Bizim Sokak ve AB
Bizim gazetenin sokağı Türk Ocağı Caddesi'nin adına bakmayın, belki geçen
yüzyılın başında Osmanlı ölçülerine göre, cadde olarak
nitelenebilirdi, ama çağdaş cadde kavramıyla bağdaşmayacak kadar dar bir
sokaktır aslında.
Bu sokağın çilesini otuz yıldır çekenlerdenim. Yüz elli metre
mesafeyi, nadiren iki dakikada, kimi zaman yirmi dakika, yarım saatte aldığım
olmuştur.
Türk Ocağı ''Caddesi!'' üzerinde tarihimizin önemli binaları vardır.
Girişte hemen sağda, Türkiye Gazeteciler Cemiyeti ve Türkiye Gazeteciler
Sendikası binasının karşısında, büyücek bir bahçe içinde İran
Konsolosluğu bulunur.
Onun hemen yanında, bir zamanlar sadrazamın da oturduğu Babıâli'ye
tepeden bakan görkemli bina, bir zamanlar Osmanlı'nın dış borçlarını
tahsil etmek amacıyla kurulmuş olan Düyunu Umumiye binası idi ki, sonradan
İstanbul Lisesi olmuştur. Binanın bitimine doğru karşı köşede bulunan ahşap
yapı ise bir zamanlar Osmanlı'nın egemeni haline gelmiş olan İttihat ve
Terakki Cemiyeti'nin merkezi iken Cumhuriyetten sonra Cumhuriyet gazetesinin
idarehanesi ve matbaası buraya taşınmıştır.

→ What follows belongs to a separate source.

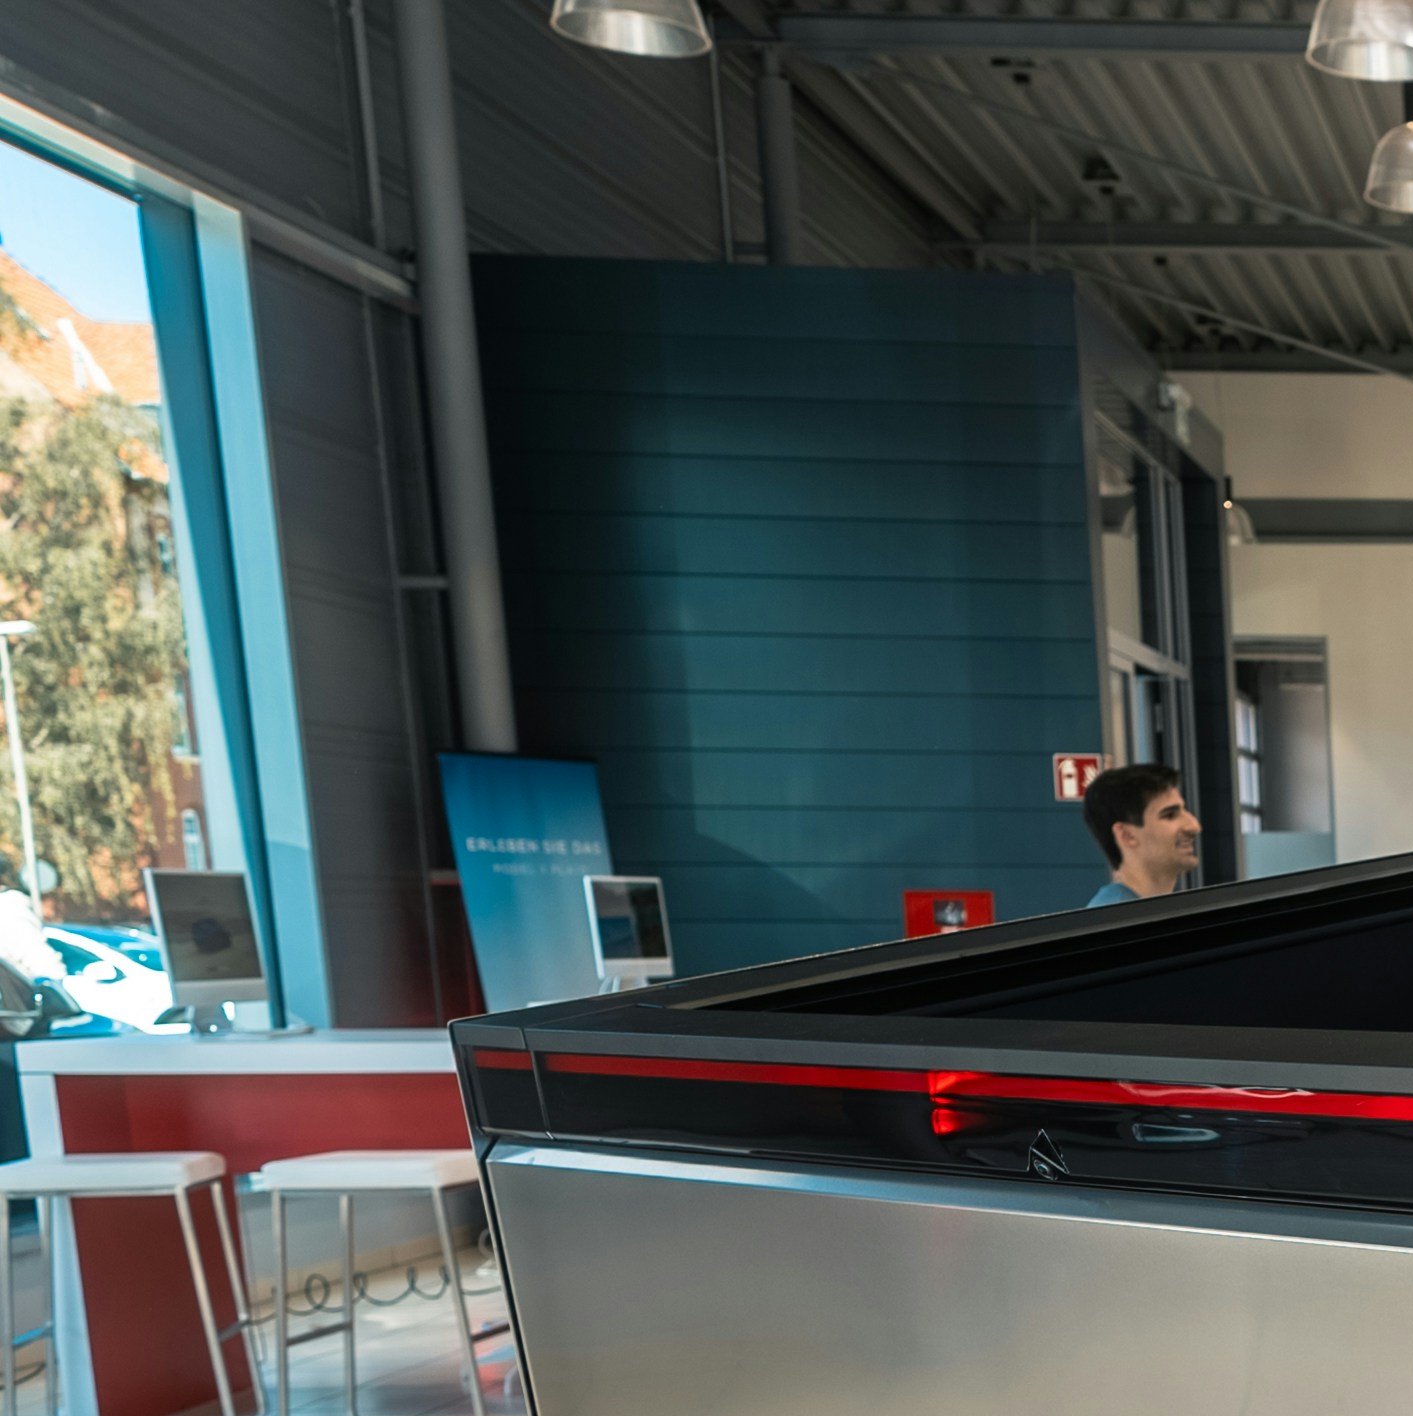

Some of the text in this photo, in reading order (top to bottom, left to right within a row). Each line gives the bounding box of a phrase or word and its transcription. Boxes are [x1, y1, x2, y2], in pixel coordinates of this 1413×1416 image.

[465, 837, 602, 856] ERLEBEN SIE DAS

Bizim sokağın öyküsü ilk kez 27 yıl önce bu sütuna yansımıştı.
Aradan geçen süre içinde, iki kez daha aynı konu yine bu sütunda gündeme
geldi. Kaç kez haber konusu olduğunu ise anımsamıyorum. Ama bugünkü
gazetemizin Haber Servisi'nin hazırladığı ''Yılların çözülemeyen sorunu
Türk Ocağı Caddesi'nin trafik sorunu'' diye bir haber daha yayımlandı.

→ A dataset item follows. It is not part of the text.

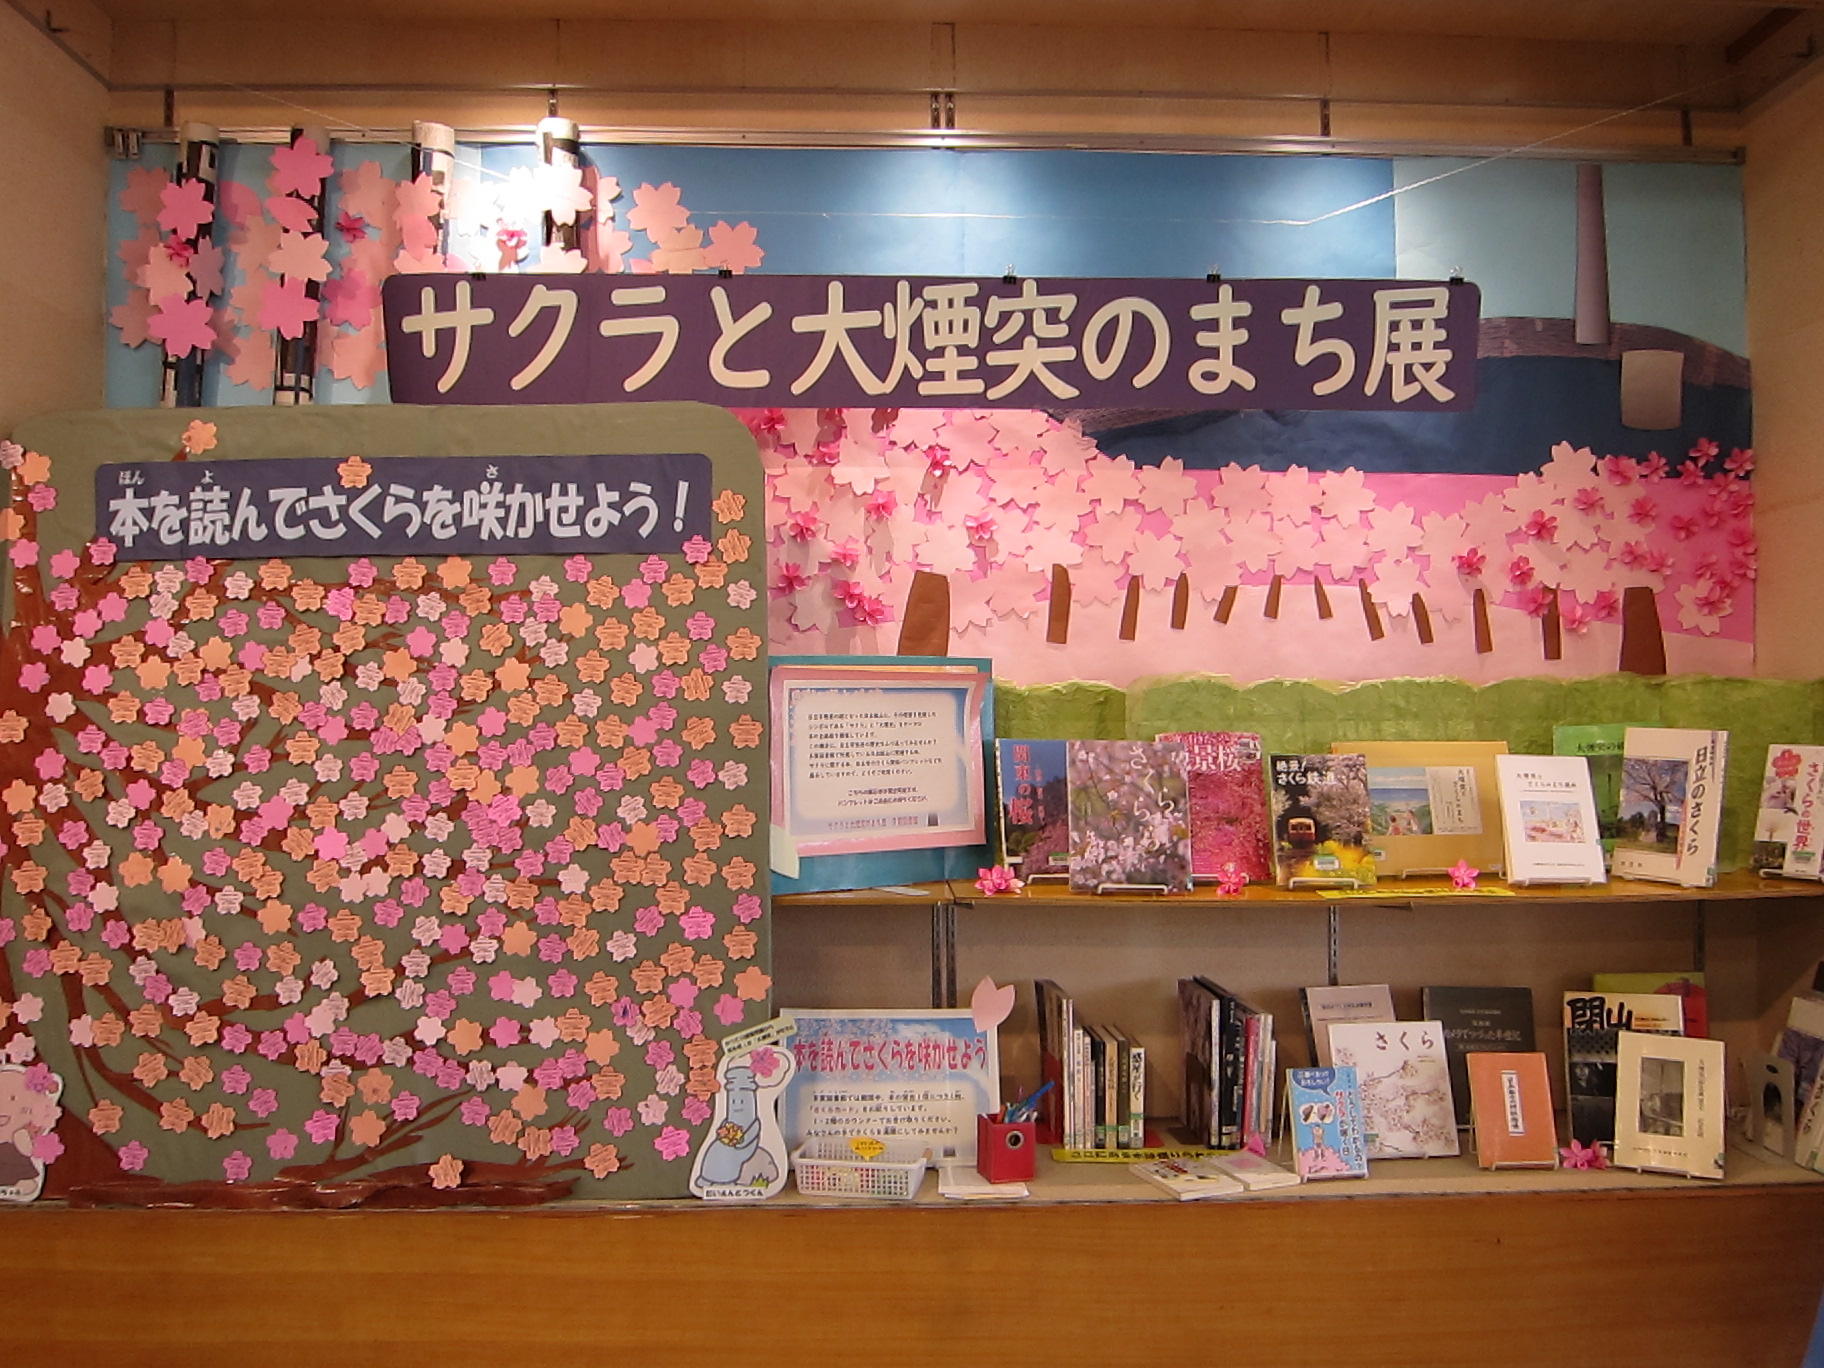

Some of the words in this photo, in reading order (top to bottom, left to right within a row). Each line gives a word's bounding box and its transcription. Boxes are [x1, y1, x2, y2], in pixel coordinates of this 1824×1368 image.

Kısacası çeyrek yüzyılı aşkın süredir, sorun sürüyor ve en ufak
bir düzelme yok.
Sorunun süregeldiği otuz yılı aşkın bu zaman dilimi içinde Türkiye'de
birbirini izleyen on beşten fazla hükümet, altı cumhurbaşkanı, iki askeri
darbe geldi geçti, sokağın trafik durumunda en ufak bir düzelme olmadı.
Pardon bir ara, tekstil krize girince, işlerin kesatlaşması yüzünden mal boşaltıp,
yükleyenler dükkânının ve küçük atölyesinin bulunduğu binanın önüne
arabasını park edenler azaldığı için sokak rahat bir nefes aldıysa da bu
dönem kısa sürdü.
Bizim sokağın üzerinde her yerde durulur, her yere araba park edilir,
isteyen malını boşaltır, isteyen yükleyeceğini yükler, isteyen bir
dostuna kahve içmeye giderken arabasını bulduğu boş yere park eder, bunu hiçbir
güç önleyemez.
Gerçi devletin, park yasağını gösteren levhaları vardır; sokağa arada
sırada, devletin trafik polisi de girer, ama sonuç değişmez.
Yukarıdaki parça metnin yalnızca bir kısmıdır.